What had happened for Noru to achieve such notoriety? After its birth on July 20, 2017, Noru roamed the Pacific Ocean at a strength equivalent to a Category 1 Hurricane in the Atlantic Basin. However, roughly four days later, Noru encountered Tropical Storm Kulap, causing the two systems to engage in what experts call the “Fujiwhara effect.” After dancing around each other, Noru—the stronger and bigger of the two systems—simply swallowed Kulap, resulting in a much more potent storm. After engaging in this dance with Kulap, Noru crossed over its path from earlier in the week and began heading towards southern Japan.
In layperson’s terms, what is the Fujiwhara effect?
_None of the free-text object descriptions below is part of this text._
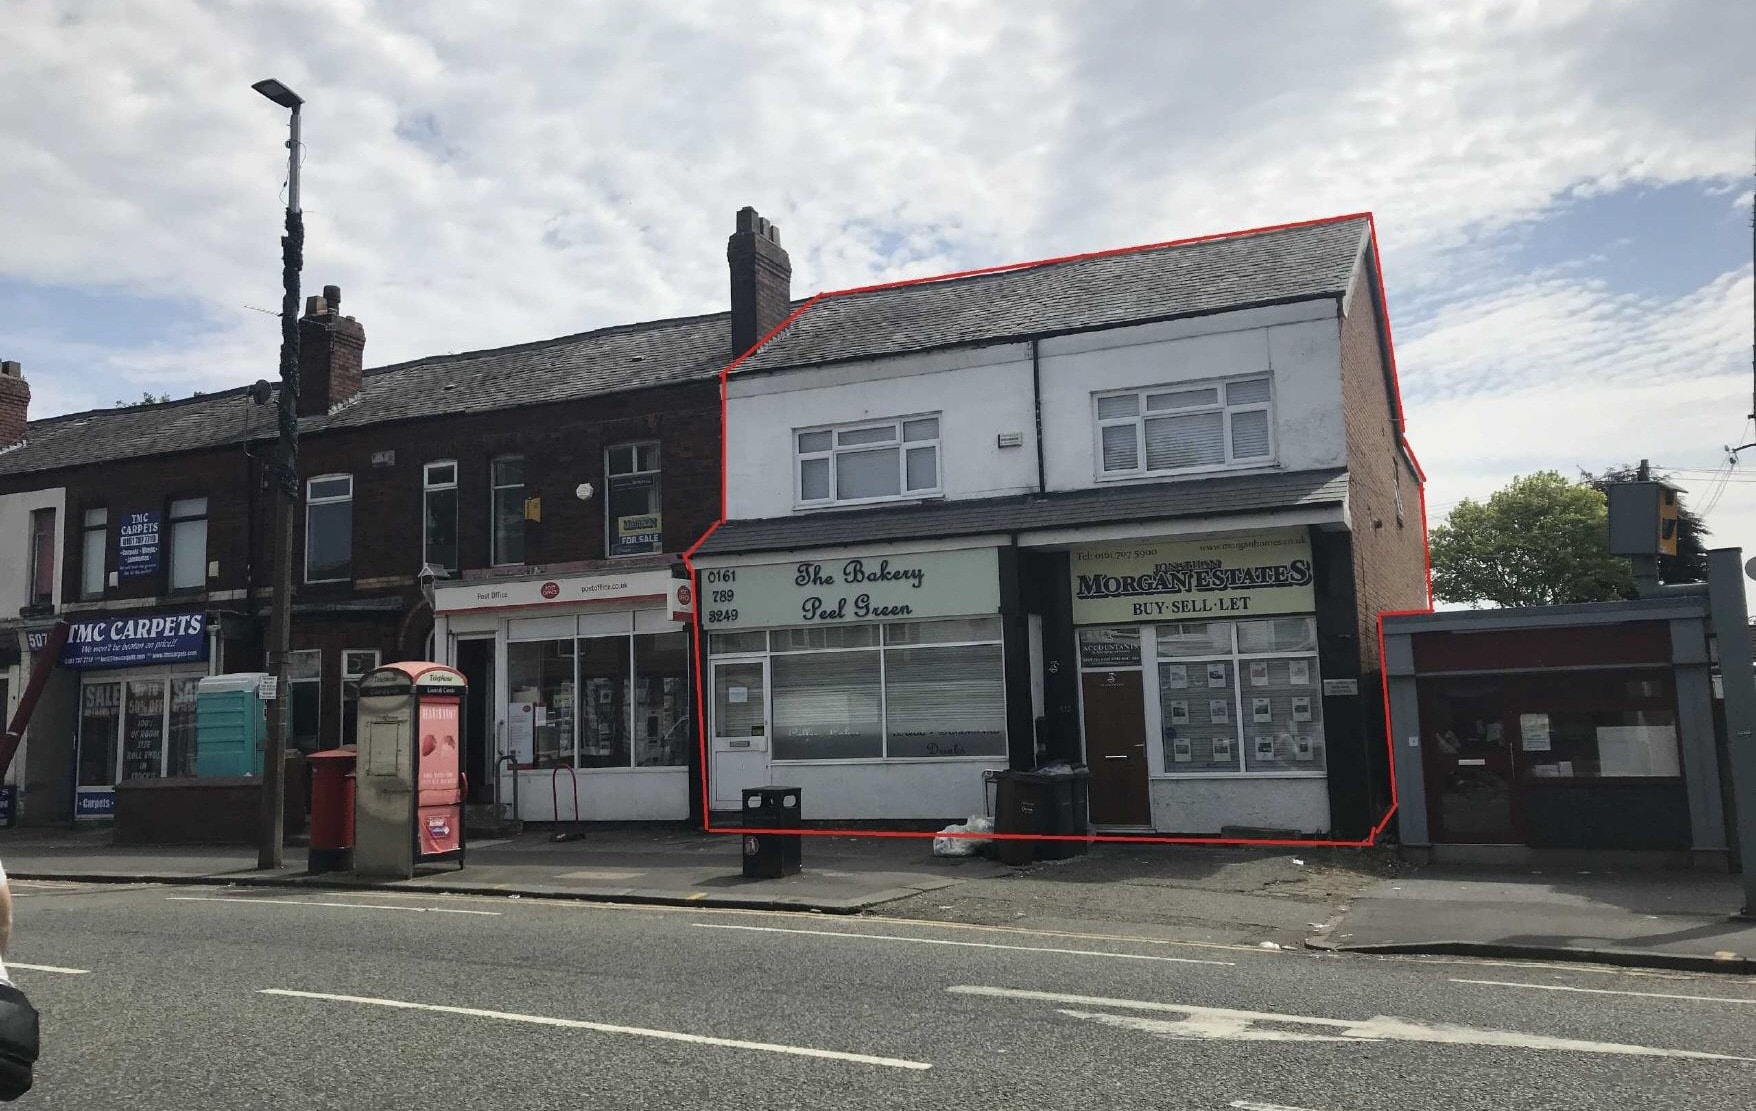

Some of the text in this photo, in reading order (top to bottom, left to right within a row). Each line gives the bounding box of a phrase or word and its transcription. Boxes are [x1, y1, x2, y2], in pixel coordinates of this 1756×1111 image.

[131, 513, 149, 523] TMC
[120, 523, 159, 535] CARPETS
[621, 534, 659, 544] FOR SALE
[1154, 560, 1222, 572] JONATHAN
[707, 569, 736, 583] 0161
[795, 559, 924, 588] The Bakery
[1076, 559, 1313, 599] MORGAN ESTATES
[477, 591, 508, 600] Post Office
[712, 589, 735, 603] 789
[802, 593, 913, 620] Peel Green
[709, 609, 738, 623] 3249
[66, 615, 203, 644] TMC CARPETS
[1083, 643, 1138, 652] ACCOUNTANTS
[85, 684, 120, 708] SALE
[83, 798, 110, 809] Carpets
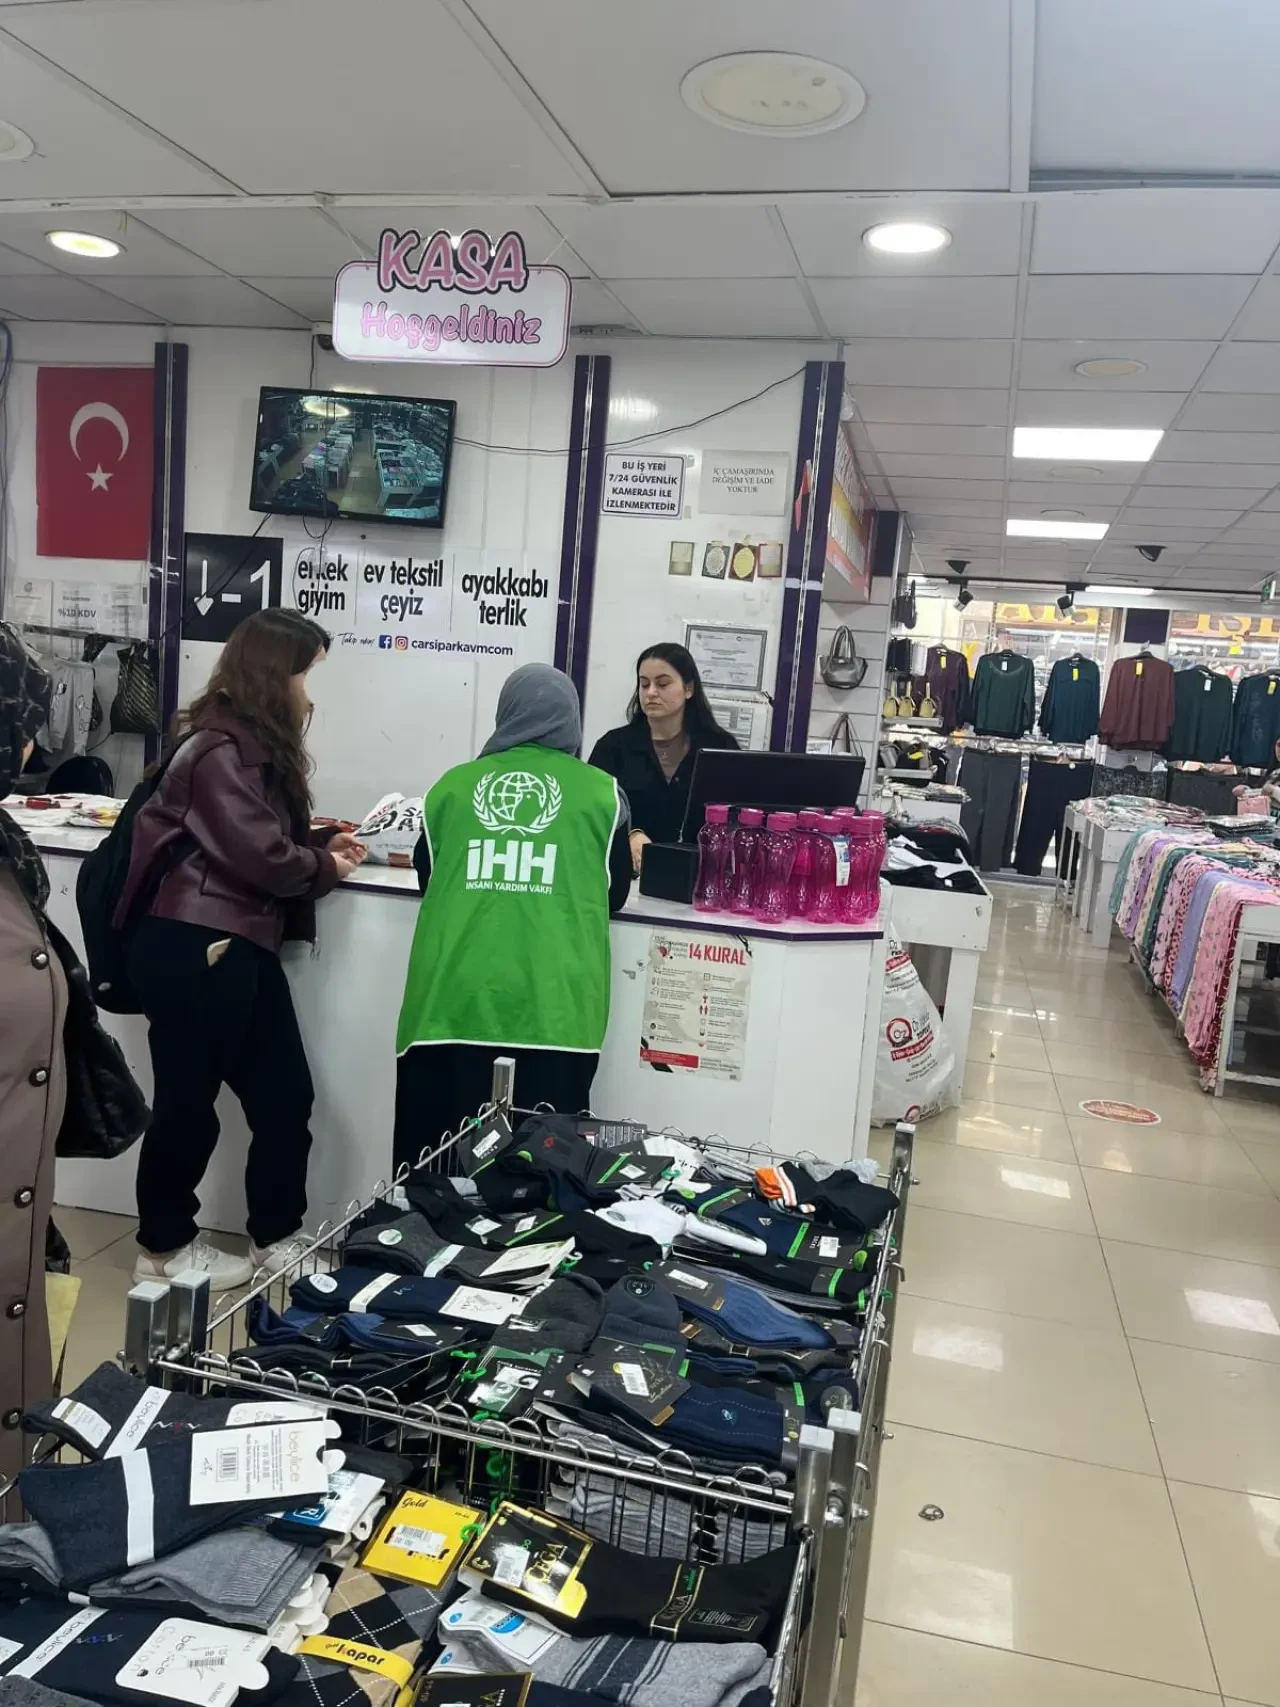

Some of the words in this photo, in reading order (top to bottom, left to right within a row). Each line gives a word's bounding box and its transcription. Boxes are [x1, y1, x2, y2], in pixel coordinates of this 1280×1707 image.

[378, 228, 529, 295] KASA
[360, 301, 542, 351] Hoşgeldiniz
[621, 460, 636, 471] BU
[647, 461, 667, 472] YERİ
[608, 473, 629, 484] 7/24
[631, 473, 678, 486] GÜVENLİK
[611, 486, 657, 498] KAMERASI
[658, 487, 672, 499] İLE
[606, 499, 676, 512] İZLENMEKTEDİR
[363, 562, 386, 583] ev
[390, 557, 444, 587] tekstil
[461, 566, 549, 601] ayakkabı
[298, 582, 346, 616] giyim
[380, 588, 424, 622] çeyiz
[479, 598, 528, 627] terlik
[494, 882, 528, 893] YARDIM
[688, 942, 702, 961] 14
[703, 944, 747, 966] KURAL
[401, 1497, 429, 1509] Gold
Discovered in the 1920s by Sakuhei Fujiwhara, a Japanese researcher and meteorologist, the Fujiwhara effect—or, Fujiwhara interaction—explains a phenomenon where two tropical cyclones less than 900 miles apart rotate about a common midpoint. As a result of this movement, the distance between the two vortices decreases. Depending on the size of the systems, as these severe weather patterns circle each other, they have the potential to merge into one storm. Usually, the bigger system will absorb the smaller system. Noru and Kulap engaged in this merry-go-round-like weather pattern around July 24, 2017. However, it is also possible that this binary interaction might deflect the original path of one, or even both, of the systems.
This graphic explains the Fujiwhara effect:
How common is the Fujiwhara effect? The Fujiwhara effect is relatively well documented in the annals of weather history. More or less around the same time as Noru and Kulap engaged in their dance, tropical cyclones Hilary and Irwin engaged in a similar ritual in the eastern Pacific Basin, with Hilary’s wind shear eventually weakening Irwin.
In 1995, Hurricane Iris danced with Hurricane Humberto, before interacting with, and eventually absorbing, Tropical Storm Karen. There was also major concern back in October 2016 that Hurricane Matthew, a powerful late-season hurricane, could interact with Tropical Storm Nicole, a smaller system that formed and continued to linger in the Atlantic Basin northeast of Hurricane Matthew. Experts feared that after engaging in their cyclonic dance, Hurricane Matthew would take aim at Florida for a second time within a few days, further devastating the area.
Superstorm Sandy, one of the largest and most costly tropical storms in the history of the United States, also experienced this effect before hitting the East Coast of the United States in late October 2012. Sandy interacted with a low-pressure trough to its southwest that steered the storm west towards New Jersey. Eventually the two systems merged to form the devastating “Superstorm” or “Frankenstorm” Sandy.
What are the implications for the insurance industry? With the 2017 hurricane season in full swing—and the National Oceanic and Atmospheric Administration predicting above-normalactivity—the Fujiwhara effect plays a prominent role in severe weather patterns that the insurance industry has a vested interest in observing. One issue to potentially consider is to what extent a system that undergoes the Fujiwhara effect changes in its meteorological makeup from the original system. As the threat of Hurricane Matthew interacting with Tropical Storm Nicole before taking aim at Florida for a second time has demonstrated, another issue to consider is the number of occurrences. With that said: Welcome to the dance of the cyclones!